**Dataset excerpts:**
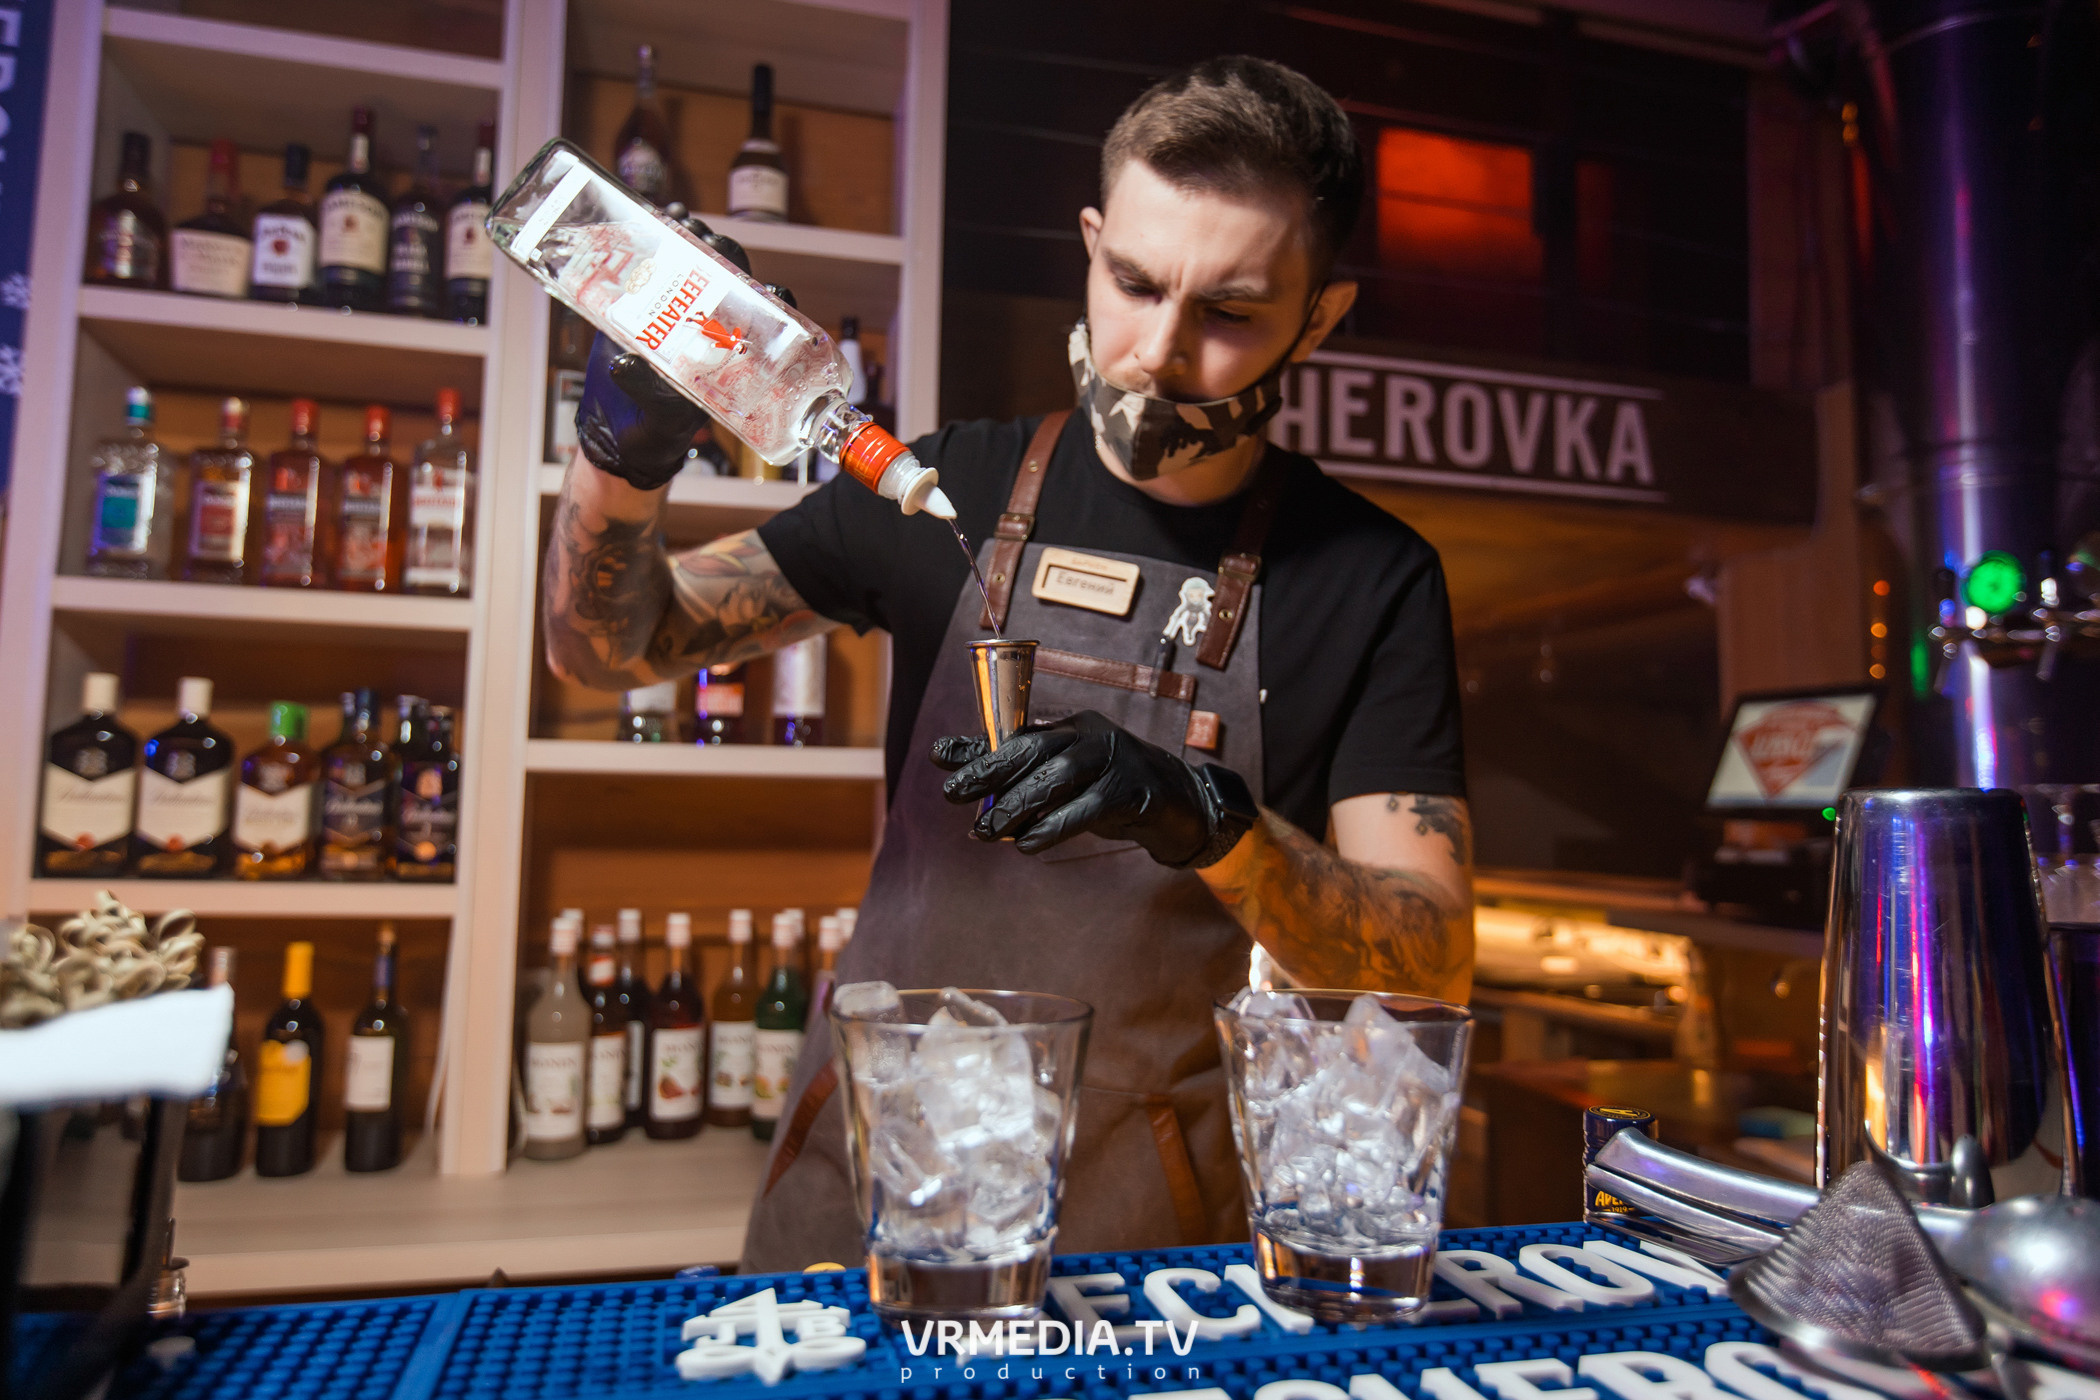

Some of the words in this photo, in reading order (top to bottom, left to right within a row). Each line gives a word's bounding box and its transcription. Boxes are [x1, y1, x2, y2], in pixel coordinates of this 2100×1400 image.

[635, 263, 711, 350] EEFEATER
[648, 272, 684, 318] LONDON
[1595, 1190, 1624, 1207] APE
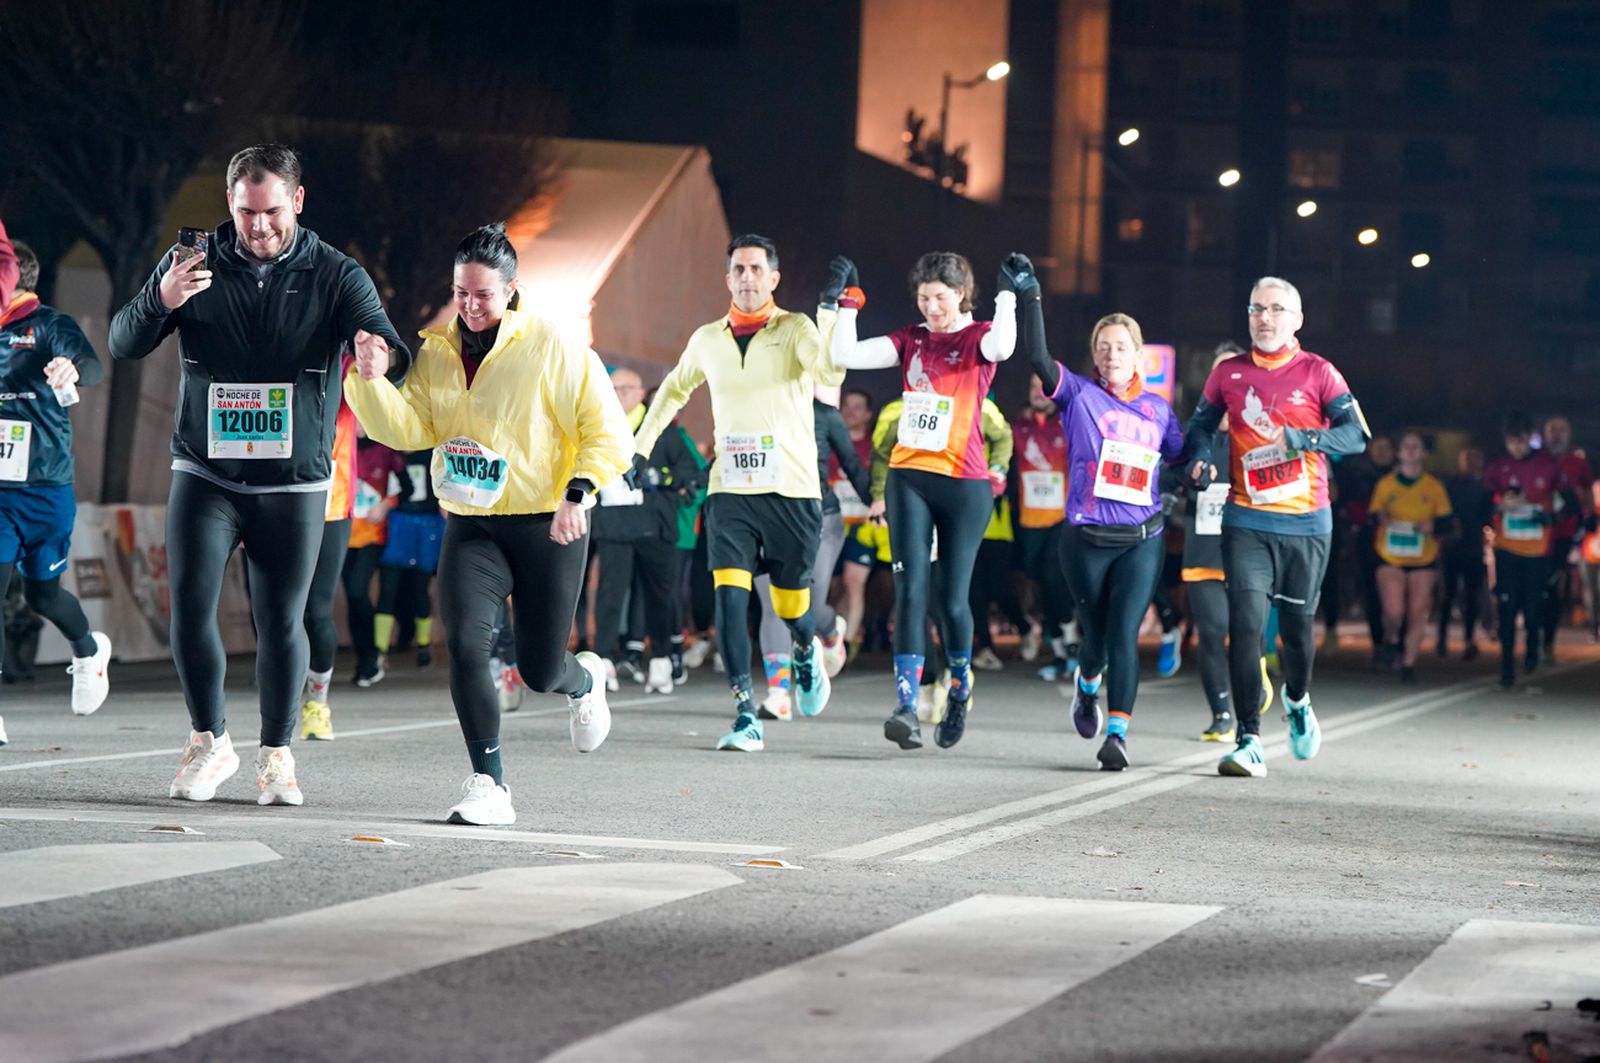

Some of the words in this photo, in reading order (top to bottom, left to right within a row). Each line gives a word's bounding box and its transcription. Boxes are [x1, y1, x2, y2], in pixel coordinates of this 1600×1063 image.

[217, 400, 233, 409] SAN
[234, 398, 262, 409] ANTÓN
[226, 391, 250, 400] NOCHE
[251, 391, 262, 400] DE
[218, 410, 283, 433] 12006
[447, 455, 500, 482] 14034
[732, 452, 766, 469] 1867
[1256, 461, 1293, 485] 9787
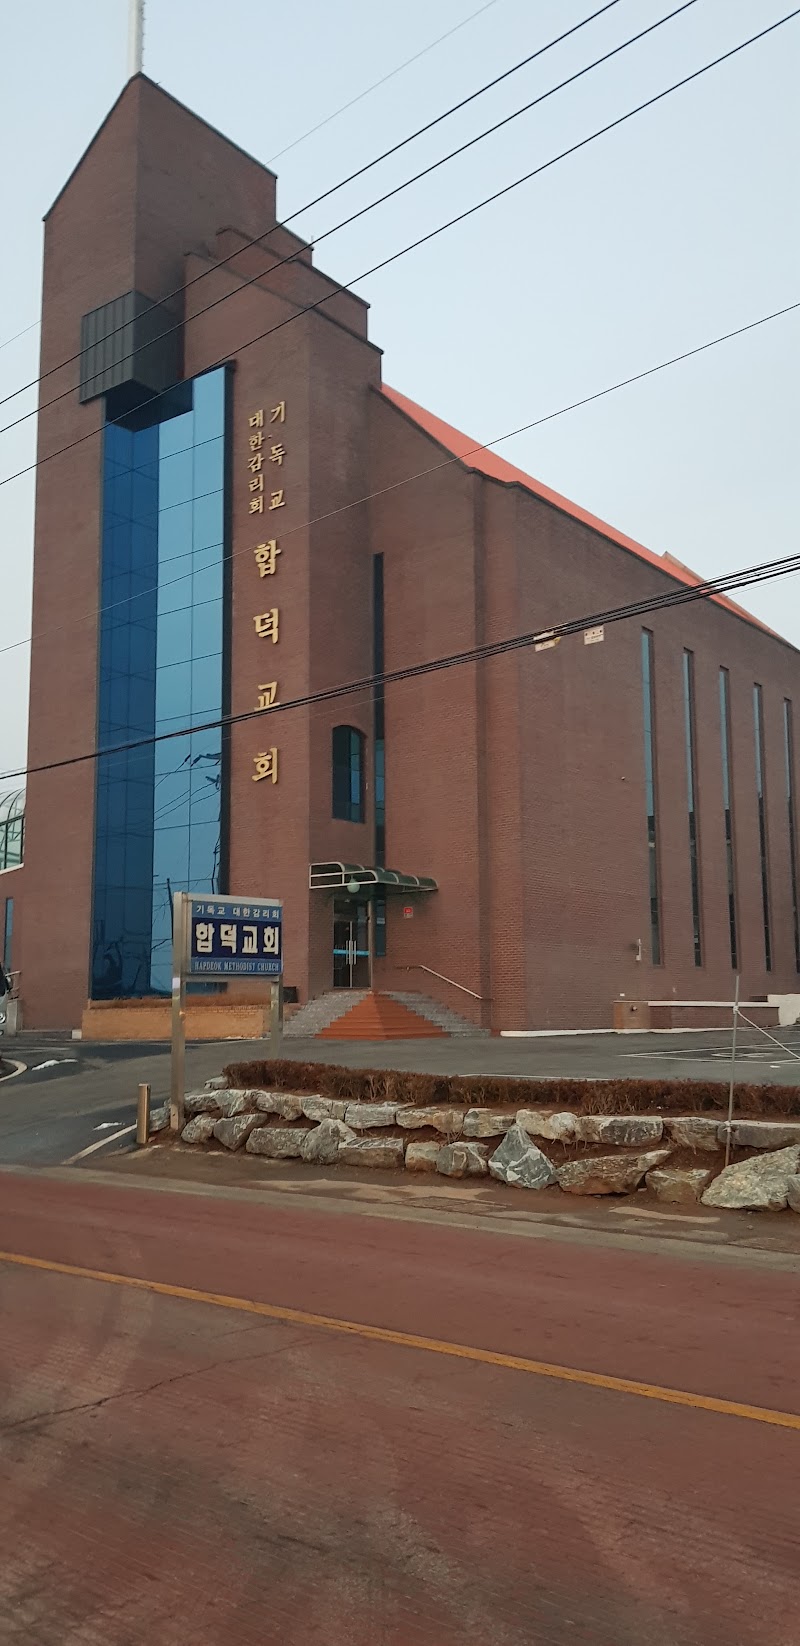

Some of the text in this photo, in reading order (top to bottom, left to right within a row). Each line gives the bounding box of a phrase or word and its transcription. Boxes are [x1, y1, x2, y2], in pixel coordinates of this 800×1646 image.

[247, 409, 265, 515] 대한감리회
[269, 400, 286, 511] 기독교
[251, 539, 281, 784] 합덕교회
[195, 922, 279, 955] 합덕교회
[196, 905, 279, 919] 기독교 대한감리회
[194, 961, 279, 972] HAPDEOK METHODIST CHURCH

**Work to be completed:**
Please output every entry above exactly, without the pictures.

**Result:**
Some of the words in this photo, in reading order (top to bottom, left to right within a row). Each line gives a word's bounding box and its transcription. Boxes are [x1, y1, x2, y2], in pixel coordinates of this 2100×1400 image.

[635, 263, 711, 350] EEFEATER
[648, 272, 684, 318] LONDON
[1595, 1190, 1624, 1207] APE

Some of the words in this photo, in reading order (top to bottom, left to right within a row). Each line gives a word's bounding box and its transcription. Boxes are [x1, y1, x2, y2], in pixel coordinates of this 1600×1063 image.

[217, 400, 233, 409] SAN
[234, 398, 262, 409] ANTÓN
[226, 391, 250, 400] NOCHE
[251, 391, 262, 400] DE
[218, 410, 283, 433] 12006
[447, 455, 500, 482] 14034
[732, 452, 766, 469] 1867
[1256, 461, 1293, 485] 9787

Some of the text in this photo, in reading order (top to bottom, left to right within a row). Each line gives the bounding box of a phrase or word and its transcription. Boxes are [x1, y1, x2, y2], in pixel coordinates of this 800×1646 image.

[247, 409, 265, 515] 대한감리회
[269, 400, 286, 511] 기독교
[251, 539, 281, 784] 합덕교회
[195, 922, 279, 955] 합덕교회
[196, 905, 279, 919] 기독교 대한감리회
[194, 961, 279, 972] HAPDEOK METHODIST CHURCH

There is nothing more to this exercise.